WHAT IS REQUIRED ::
So that the copy stays text only, transcribe the data below exactly and exclude the images.

[DATA FOR THIS TASK Boundary: Start]

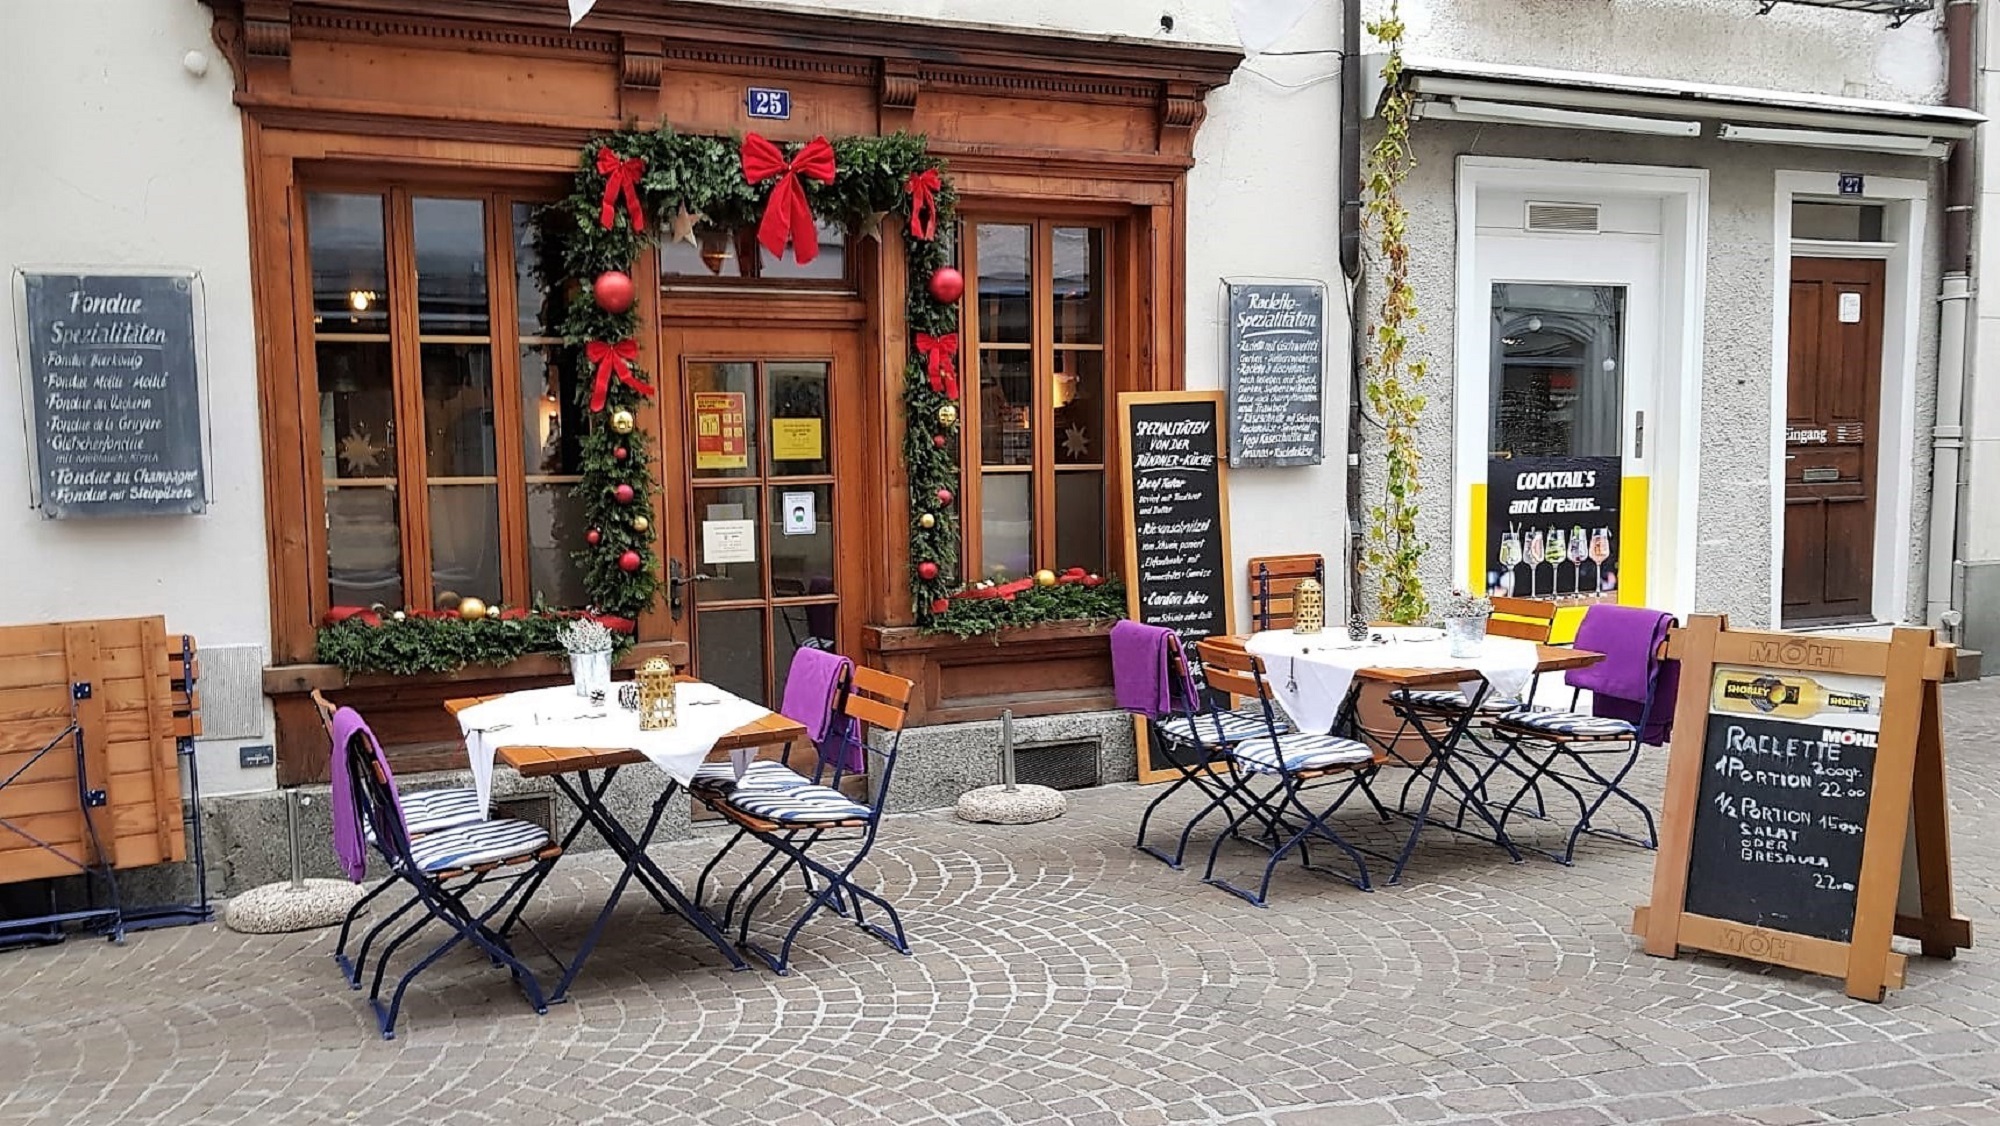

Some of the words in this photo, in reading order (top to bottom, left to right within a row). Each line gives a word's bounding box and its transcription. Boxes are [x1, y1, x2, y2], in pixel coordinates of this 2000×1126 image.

[756, 92, 782, 114] 25
[1845, 177, 1860, 192] 27
[69, 290, 143, 314] Fondue
[1237, 311, 1316, 334] Spezialitäten
[51, 321, 167, 348] Spezialitäten
[47, 350, 87, 366] Fondue
[48, 372, 87, 389] Fondue
[49, 393, 91, 410] Fondue
[51, 415, 91, 432] Fondue
[1136, 419, 1210, 436] SPEZIALITÄTEN
[52, 433, 144, 452] Gletscherfondue
[1149, 439, 1169, 451] VON
[1169, 438, 1190, 451] DER
[56, 467, 111, 485] Fondue
[113, 471, 130, 485] au
[134, 467, 198, 486] Champagne
[1139, 477, 1161, 491] Beef
[56, 487, 107, 503] Fondue
[1508, 496, 1539, 514] and
[1147, 591, 1183, 606] Cordon
[1727, 684, 1771, 697] SHORLEY
[1830, 697, 1868, 708] SHORLEY
[1726, 725, 1842, 762] RACLETTE
[1822, 728, 1878, 748] MÖHL
[1728, 757, 1812, 788] PORTION
[1819, 782, 1866, 798] 22.00
[1741, 797, 1812, 827] PORTION
[1739, 822, 1799, 842] SALAT
[1741, 838, 1788, 852] ODER

[DATA FOR THIS TASK Boundary: End]

THE ANSWER ::
Some of the words in this photo, in reading order (top to bottom, left to right within a row). Each line gives a word's bounding box and its transcription. Boxes are [x1, y1, x2, y2], in pixel coordinates of this 2000×1126 image.

[756, 92, 782, 114] 25
[1845, 177, 1860, 192] 27
[69, 290, 143, 314] Fondue
[1237, 311, 1316, 334] Spezialitäten
[51, 321, 167, 348] Spezialitäten
[47, 350, 87, 366] Fondue
[48, 372, 87, 389] Fondue
[49, 393, 91, 410] Fondue
[51, 415, 91, 432] Fondue
[1136, 419, 1210, 436] SPEZIALITÄTEN
[52, 433, 144, 452] Gletscherfondue
[1149, 439, 1169, 451] VON
[1169, 438, 1190, 451] DER
[56, 467, 111, 485] Fondue
[113, 471, 130, 485] au
[134, 467, 198, 486] Champagne
[1139, 477, 1161, 491] Beef
[56, 487, 107, 503] Fondue
[1508, 496, 1539, 514] and
[1147, 591, 1183, 606] Cordon
[1727, 684, 1771, 697] SHORLEY
[1830, 697, 1868, 708] SHORLEY
[1726, 725, 1842, 762] RACLETTE
[1822, 728, 1878, 748] MÖHL
[1728, 757, 1812, 788] PORTION
[1819, 782, 1866, 798] 22.00
[1741, 797, 1812, 827] PORTION
[1739, 822, 1799, 842] SALAT
[1741, 838, 1788, 852] ODER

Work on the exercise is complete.